Innanzitutto, molti interventi hanno riguardato l’idea della prova unica nazionale, da effettuarsi nell’ultimo anno di scuola superiore. Nella nostra proposta si tratta di una prova tipo GMAT, come peraltro sottolineato in alcuni commenti. Lo studente si siede davanti ad un pc ed effettua il test; i commissari controllano soltanto il regolare svolgimento della prova. Il costo sarebbe minimo, nell’ipotesi che già in tutte le scuole superiori ci sia un’aula dotata di elaboratori e connessione internet.
Il secondo aspetto riguarda la validità del voto di maturità come indicatore della preparazione dello studente. Purtroppo, Utilizzare gli ultimi tre anni di vita scolastica dello studente non eliminerebbe il problema, ossia l’incentivo per i professori a gonfiare i voti dei propri studenti. L’unico modo per valutare allo stesso tempo sia gli alunni sia i docenti è dunque quello di avere una prova corretta non dai medesimi professori. Idealmente, se in una scuola si ottenessero risultati scadenti, la scuola andrebbe chiusa (o i docenti sostituiti) perché questa sta in effetti danneggiando i propri studenti. Vale peraltro la pena di sottolineare che, nel caso una università privata lo ritenga opportuno, potrebbe comunque integrare i risultati della prova unica con ulteriori elementi per selezionare i propri studenti.

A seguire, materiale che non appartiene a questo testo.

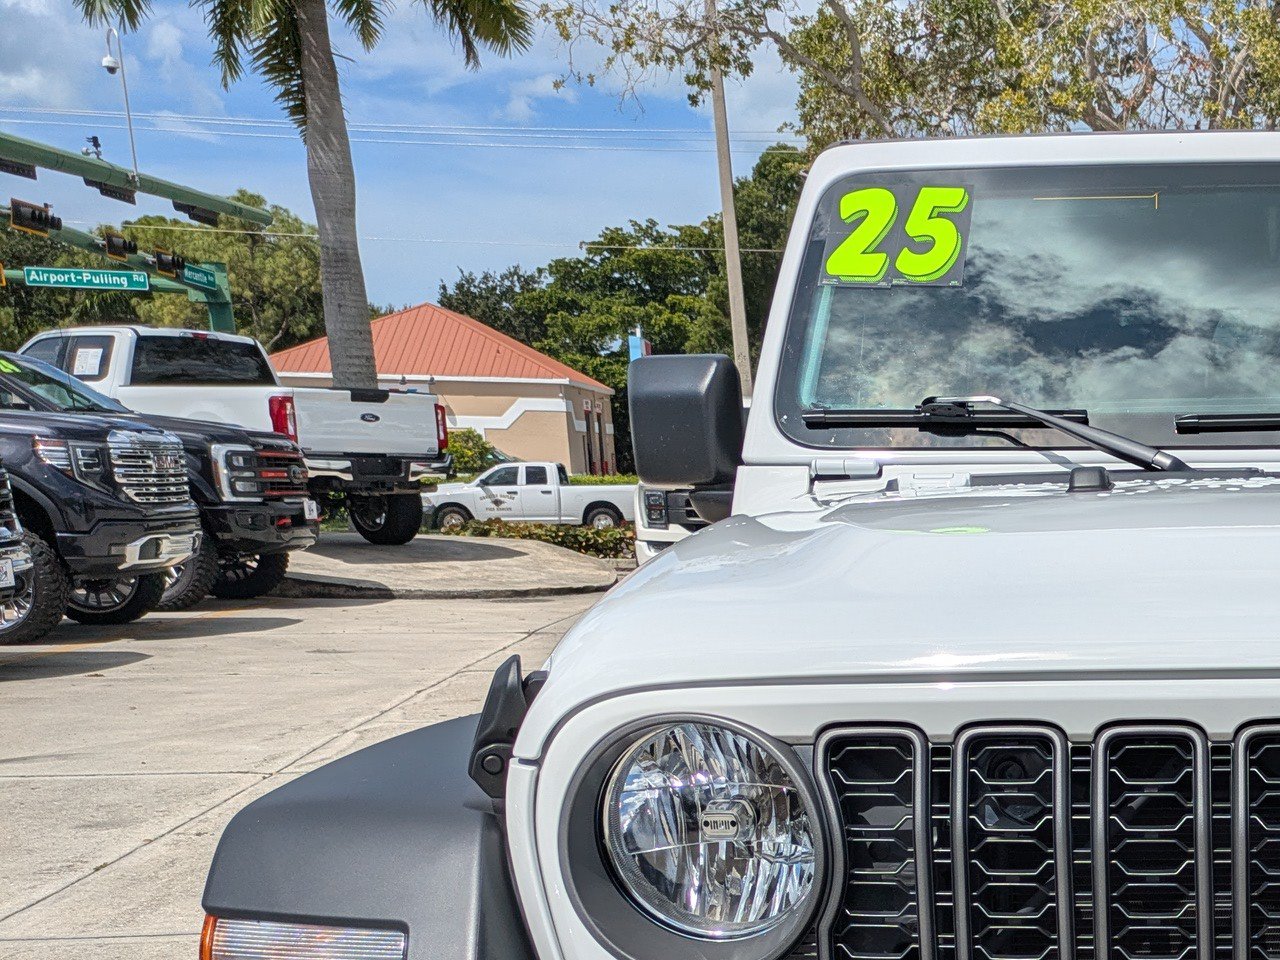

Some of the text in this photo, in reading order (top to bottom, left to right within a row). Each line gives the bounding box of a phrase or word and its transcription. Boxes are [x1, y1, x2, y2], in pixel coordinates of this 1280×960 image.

[825, 186, 969, 282] 25
[29, 270, 144, 287] Airport-Pulling Rd
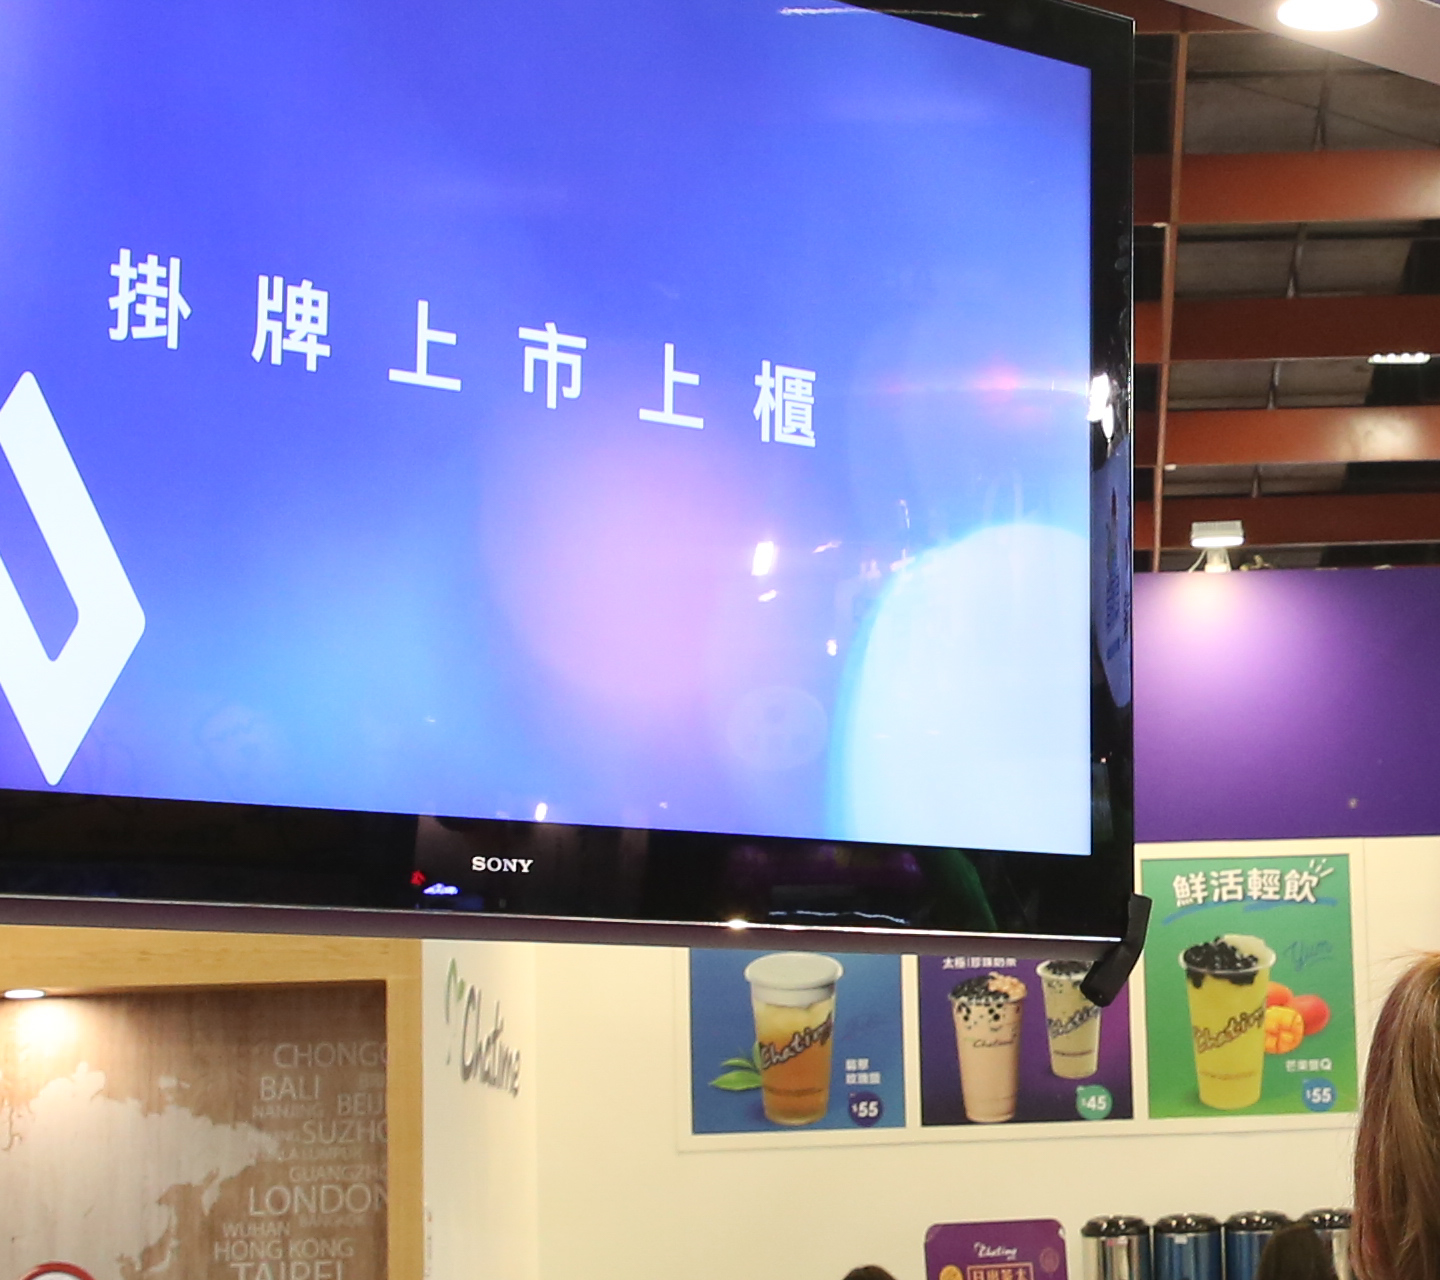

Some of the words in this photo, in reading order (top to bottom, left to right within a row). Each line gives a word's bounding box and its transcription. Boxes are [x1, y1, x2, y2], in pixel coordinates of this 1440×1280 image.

Infine, sulla teoria darwiniana (la "selezione naturale") suggerita in alcuni commenti, condividiamo il fatto che l’Università debba effettuare una selezione adeguata (per esempio, eliminando il ricorso a numerosi appelli durante l’anno accademico). Ma accogliere chiunque all’università senza un minimo di selezione comporterebbe anche un enorme spreco di risorse a favore degli studenti più svogliati, iscritti solo in attesa di un’occupazione, e a sfavore invece dei volenterosi che si troverebbero con meno posti in aula e docenti più occupati.
giuseppe
Purtroppo molti scrivono senza conoscere la realtà scolastica: 1) Il voto finale del diploma dipende in larga parte dal curriculum scolastico degli ultimi tre anni, e non dal solo esame di stato per come accadeva diversi anni fa. 2) In Italia abbiamo avuto nell’ultimo anno scolastico poco più di 3 mila diplomati con la lode a fronte di più di 100 mila diplomati; questi hanno il diritto poter scegliere la facoltà migliore, già le scuole private ( vedi Bocconi ) ne tengono conto; 3) Dare per scontato che i docenti delle scuole del Centro Sud danno voti più alti è un’affermazione piena di pregiudizi, non avvalorata da alcuna statistica. Anzi trovo assolutamente coerente che al Centro Sud, cioè dove si ha la più alta percentuale di bocciati ( ecco che diventano cattivi i professori sic! ) ci sia una percentuale di giovani che per emergere si impegna di più nello studio, visto che le possibilità di lavorare sono inferiori. Avviene così in tutto il mondo a partire dagli Stati Uniti.